- Native to: Angola
- Ethnicity: Ovimbundu
- Native speakers: 7,000,000 (2018)
- Language family: Niger–Congo? Atlantic–CongoVolta-CongoBenue–CongoBantoidSouthern BantoidBantu (Zone R)Umbundu; ; ; ; ; ; ;

Official status
- Official language in: Angola (national)

Language codes
- ISO 639-2: umb
- ISO 639-3: umb
- Glottolog: umbu1257
- Guthrie code: R.11

= Umbundu =

Bantu language

Umbundu, also known as Angolan, South Mbundu (autonym úmbúndú), one of many Bantu languages, is the most widely-spoken autochthonous language of Angola. Its speakers are known as Ovimbundu, an ethnic group that constitutes a third of Angola's population and whose homeland is the Central Highlands of Angola and the coastal region west of the highlands, including the cities of Benguela and Lobito. Because of recent internal migration, there are now also large communities in the capital, Luanda, and in its surrounding province, as well as in Lubango.

==Phonology==
=== Consonants ===

Umbundu consonants
|  |  | Labial | Alveolar | Palatal | Velar | Glottal |
| Stop | plain | p | t | t͡ʃ | k |  |
| prenasal. | ᵐb | ⁿd | ᶮd͡ʒ | ᵑɡ |  |
| Fricative | voiceless | f | s |  |  | h |
| voiced | v |  |  |  |  |
| Nasal |  | m | n | ɲ | ŋ |  |
| Approximant |  | w | l | j |  |  |

=== Vowels ===

Umbundu vowels
|  | Front | Central | Back |
|---|---|---|---|
| Close | i ĩ |  | u ũ |
| Mid | e ẽ |  | o õ |
| Open |  | a ã |  |

=== Tone ===
Umbundu has two tones: low and high. The first acute accent (á) in a word represents a high tone. The low tone is represented by a grave accent (à). Unmarked syllables carry the same tone as the preceding syllable.

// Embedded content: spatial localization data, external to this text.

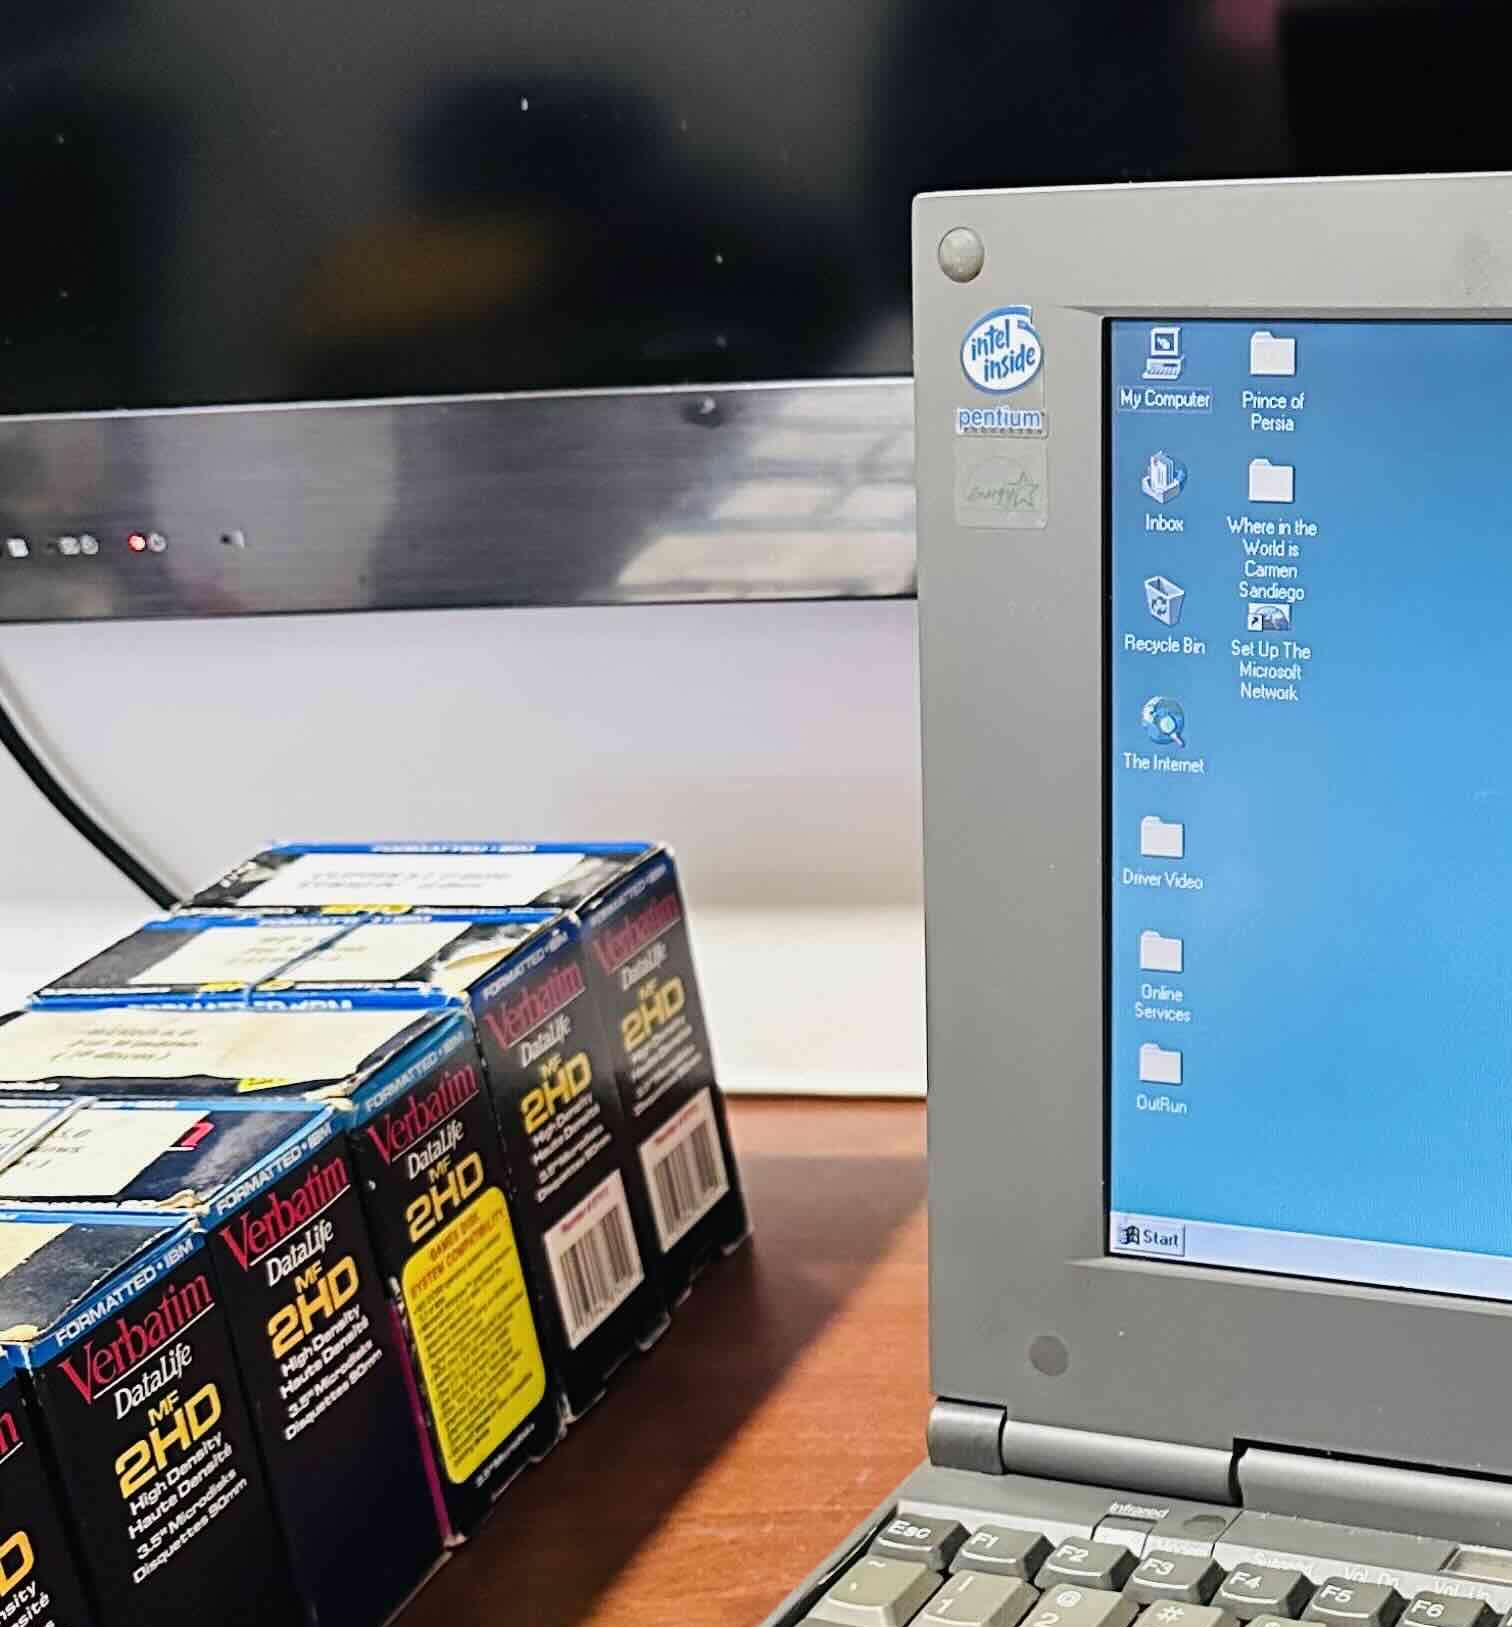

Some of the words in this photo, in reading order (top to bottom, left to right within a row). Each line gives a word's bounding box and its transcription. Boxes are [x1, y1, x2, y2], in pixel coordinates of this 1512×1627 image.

[971, 319, 1010, 361] intel
[984, 344, 1036, 382] inside
[1120, 389, 1141, 409] My
[1144, 389, 1210, 409] Computer
[1242, 392, 1287, 409] Prince
[1290, 392, 1304, 410] of
[959, 408, 1041, 432] pentium
[1250, 414, 1294, 432] Persia
[1145, 513, 1183, 531] Inbox
[1227, 517, 1274, 536] Where
[1277, 518, 1291, 536] in
[1294, 519, 1318, 537] the
[1242, 540, 1284, 557] World
[1287, 541, 1299, 557] is
[1244, 561, 1298, 579] Carmen
[1238, 583, 1305, 603] Sandiego
[1123, 634, 1180, 654] Recycle
[1183, 636, 1206, 655] Bin
[1231, 640, 1255, 658] Set
[1258, 642, 1279, 662] Up
[1282, 643, 1312, 661] The
[1239, 662, 1302, 681] Microsoft
[1240, 682, 1299, 702] Network
[1123, 752, 1150, 770] The
[1152, 753, 1205, 775] Internet
[1122, 868, 1164, 887] Driver
[1166, 871, 1204, 890] Video
[484, 962, 586, 1050] Verbatim
[1141, 984, 1183, 1002] Online
[622, 976, 686, 1051] 2HD
[1135, 1003, 1192, 1024] Services
[365, 1052, 439, 1113] FORMATTED
[520, 1052, 593, 1136] 2HD
[367, 1063, 479, 1167] Verbatim
[1136, 1095, 1188, 1114] OutRun
[408, 1119, 466, 1181] DataLife
[216, 1149, 302, 1216] FORMATTED
[308, 1122, 333, 1149] IBM
[218, 1156, 349, 1272] Verbatim
[405, 1151, 484, 1243] 2HD
[265, 1218, 335, 1287] DataLife
[1143, 1229, 1179, 1249] Start
[54, 1265, 158, 1349] FORMATTED
[164, 1237, 194, 1270] IBM
[293, 1260, 325, 1294] MF
[267, 1255, 361, 1359] 2HD
[57, 1273, 213, 1406] Verbatim
[279, 1358, 324, 1400] Haute
[322, 1312, 370, 1364] Densité
[280, 1343, 311, 1378] High
[311, 1303, 361, 1349] Density
[114, 1341, 193, 1420] DataLife
[314, 1338, 374, 1398] Microdisks
[147, 1389, 180, 1427] MF
[284, 1376, 351, 1441] Disquettes
[350, 1348, 384, 1386] 90mm
[114, 1382, 223, 1499] 2HD
[127, 1492, 179, 1541] Haute
[177, 1442, 233, 1500] Densité
[129, 1478, 168, 1517] High
[166, 1430, 224, 1485] Density
[166, 1466, 237, 1537] Microdisks
[132, 1514, 209, 1585] Disquettes
[207, 1475, 249, 1520] 90mm
[886, 1520, 933, 1539] Esc
[969, 1530, 999, 1549] F1
[1056, 1545, 1089, 1564] F2
[1142, 1557, 1175, 1577] F3
[1229, 1570, 1262, 1590] F4
[1318, 1584, 1353, 1603] F5
[0, 1580, 37, 1622] nsity
[1410, 1599, 1444, 1617] F6

==Sample words and phrases==
- Welcome – Ukombe weya ("The guests have come")
- Hello – Wakolapo? (sg); Wakolipo? (pl)
- How are you? – Wakolapo? (sg); Wakolipo? (pl)
- I'm fine thanks, and you? – Ndakolapo ("I'm fine"); Twakolapo ("We're fine")
- What's your name? – Velye olonduko vene? (frm); Helye onduko yove? (inf)
- My name is... – Onduko yange ame...
- Where are you from? – Pi ofeka yove? ("Where is your country?")
- I'm from... – Ofeka yange... ("My country is...")
- Good morning – Utanya uwa
- Good afternoon – Ekumbi liwa
- Good evening – Uteke uwa
- Good night – Uteke uwa; Pekelapo ciwa ("Sleep well")
- Goodbye – Ndanda. ("I went")
- Do you speak English? – Ove ovangula inglese?
- Do you speak Umbundu? – Ove ovangula umbundu?
- Sorry – Ngecele (sg); Twecele (pl)
- Please – Ndinge ohenda. ("Give me pity")
- Thank you – Ndapandula (sg); Twapandula (pl)
- Reply – Lacimwe

==Sample text==
Omanu vosi vacitiwa valipwa kwenda valisoka kovina vyosikwenda komoko. Ovo vakwete esunga kwenda, kwenda olondunge kwenje ovo vatêla okuliteywila kuvamwe kwenda vakwavo vesokolwilo lyocisola.

Translation: "All human beings are born free and equal in dignity and rights. They are endowed with reason and conscience and should act towards one another in a spirit of brotherhood."